Friday, January 13, 2006

real madrid and content

Vinay Kamat

Is Real Madrid a content company? The answer to that question provides a glimpse of the economy that we live in, where content drives digital strategy. Not surprisingly, Microsoft, Apple, Intel, Google, Yahoo and a host of other digital players are moving towards a single destination: the living room.

What they seek to do is simple: create mother platforms that manage content flows from all electronic devices and delivery channels. Such a platform will be the nucleus of the digital home’s content ecosystem, which includes TVs, PCs, gaming consoles, sound boxes, PDAs, digital cameras, and other electronic devices.
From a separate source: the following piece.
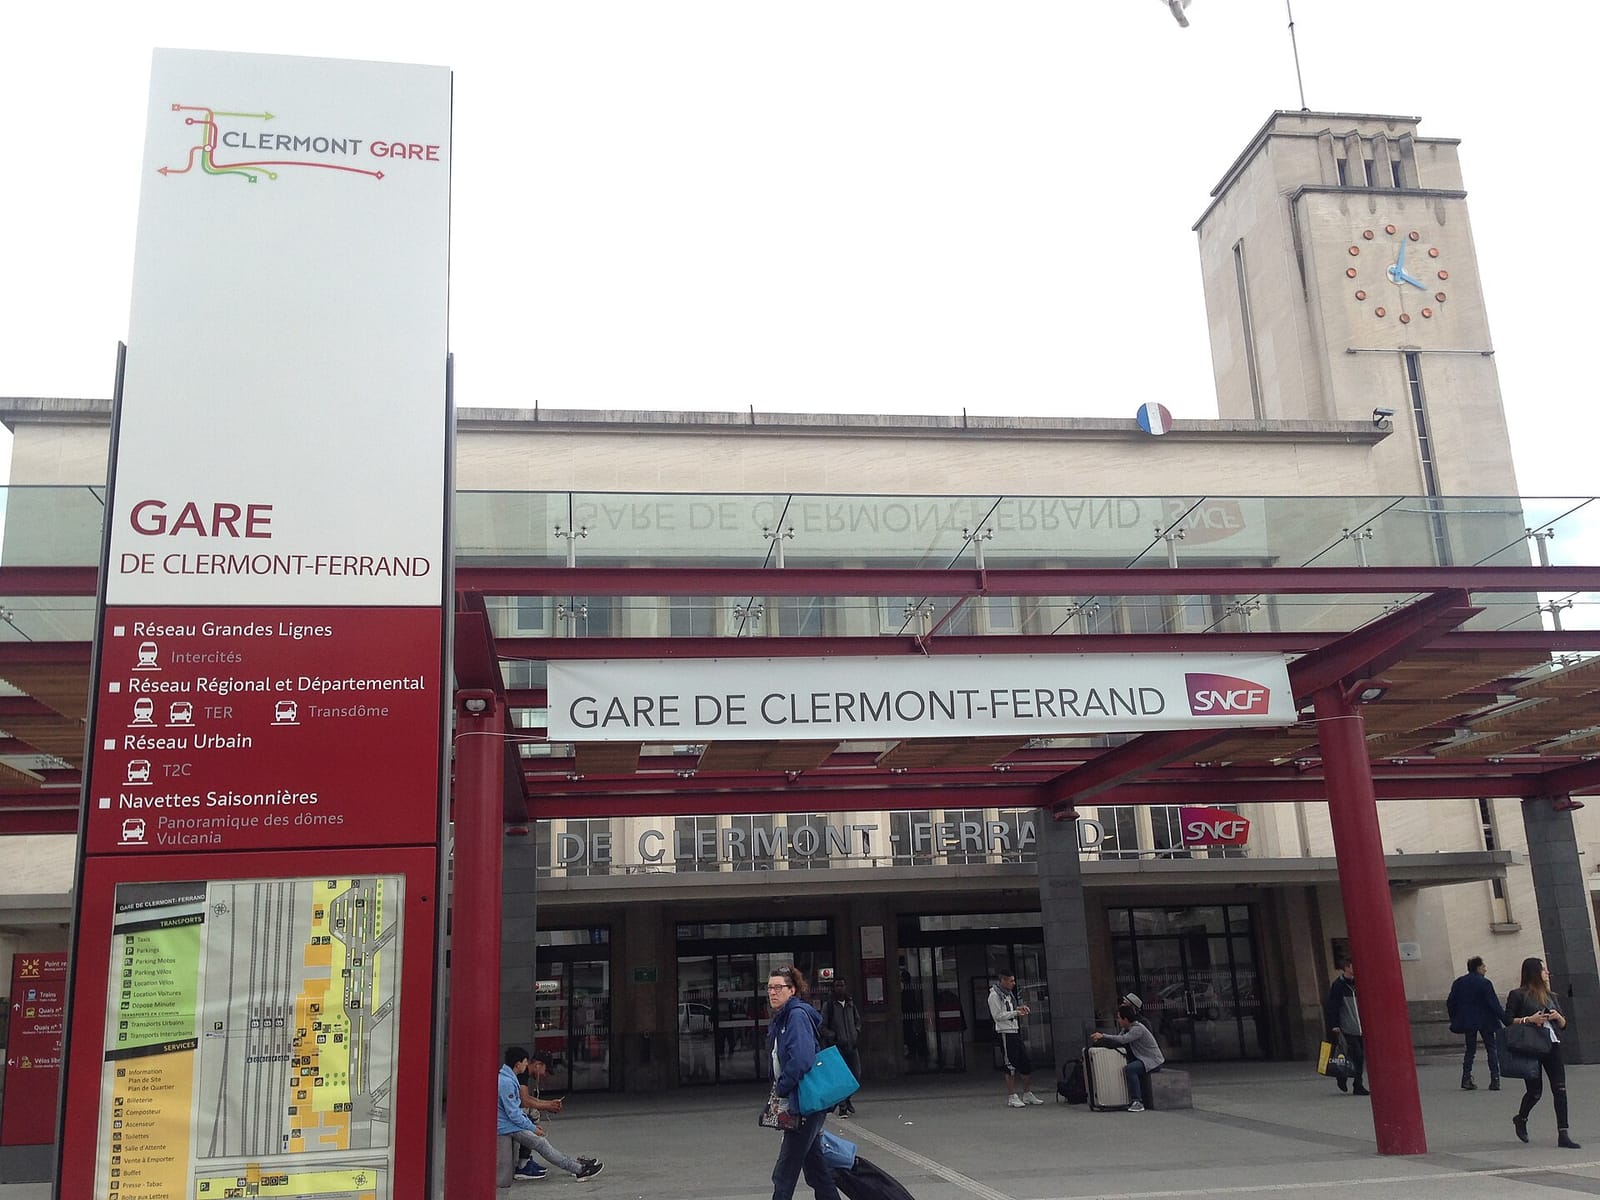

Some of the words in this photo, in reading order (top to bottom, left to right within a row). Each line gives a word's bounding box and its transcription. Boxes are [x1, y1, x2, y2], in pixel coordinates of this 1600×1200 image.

The big challenge is not technology, nor technology platforms, but content architecture. Already, technology has moved beyond our expectation. Take Microsoft’s Xbox, for instance. Its high-powered CPU, HD gaming display, and superior graphics make the console a pocket-rocket. Look at content delivery channels which are becoming smarter, quicker, and smoother. Yes, broadband is becoming broader and faster.

With technology setting a scorching pace, companies are now focusing on content architecture. Here’s Kodak CEO Antonio Perez’s take on the future, which he mapped at the International Consumer Electronics Show in Las Vegas last week: “Consumers own the future of digital imaging—their pictures, their memories, their life’s data, the stories they can tell about their life. But it’s no longer about just pictures or voice, data or text. It’s the future where information and imaging become one, and consumers can access the important images of their life anytime, anywhere.”

What Perez is talking about is content architecture. It’s an area that is still evolving because nobody is sure how content will be consumed or who will be tomorrow’s content king? Will it be PlayStation, iPod, Google or Windows?

iPod may have been a breakthrough but it’s really iTunes—the business model that made music downloads possible—that is Apple’s biggest idea. It made a music revolution possible by pulling music labels into the digital era. It built a novel content architecture: music on tap.

In the Entertainment Economy, author Michael Wolf describes a similar transformation: “As retail stores began to reproduce the look and feel of theme parks, it became clear to me that the line between entertainment and the rest of the economy had disappeared.”

In the new internet era, the line between technology and content is disappearing too, with technology companies seeking bits, instead of chips, to rethink their strategy.

So, if Google can be labeled a content company, why can’t Real Madrid or BCCI (Board of Cricket Control for India)? As the football club’s corporate managing director, Carlos Martinez de Albornoz, describes it, in Financial Times: “We structured ourselves as a company and began to think of ourselves as content providers. This was an authentic revolution.”

The content kickoff in today’s web championship is an authentic revolution too. It will decide whether tomorrow’s economy will be an entertainment economy, an experience economy, a search economy, or an economy of pods.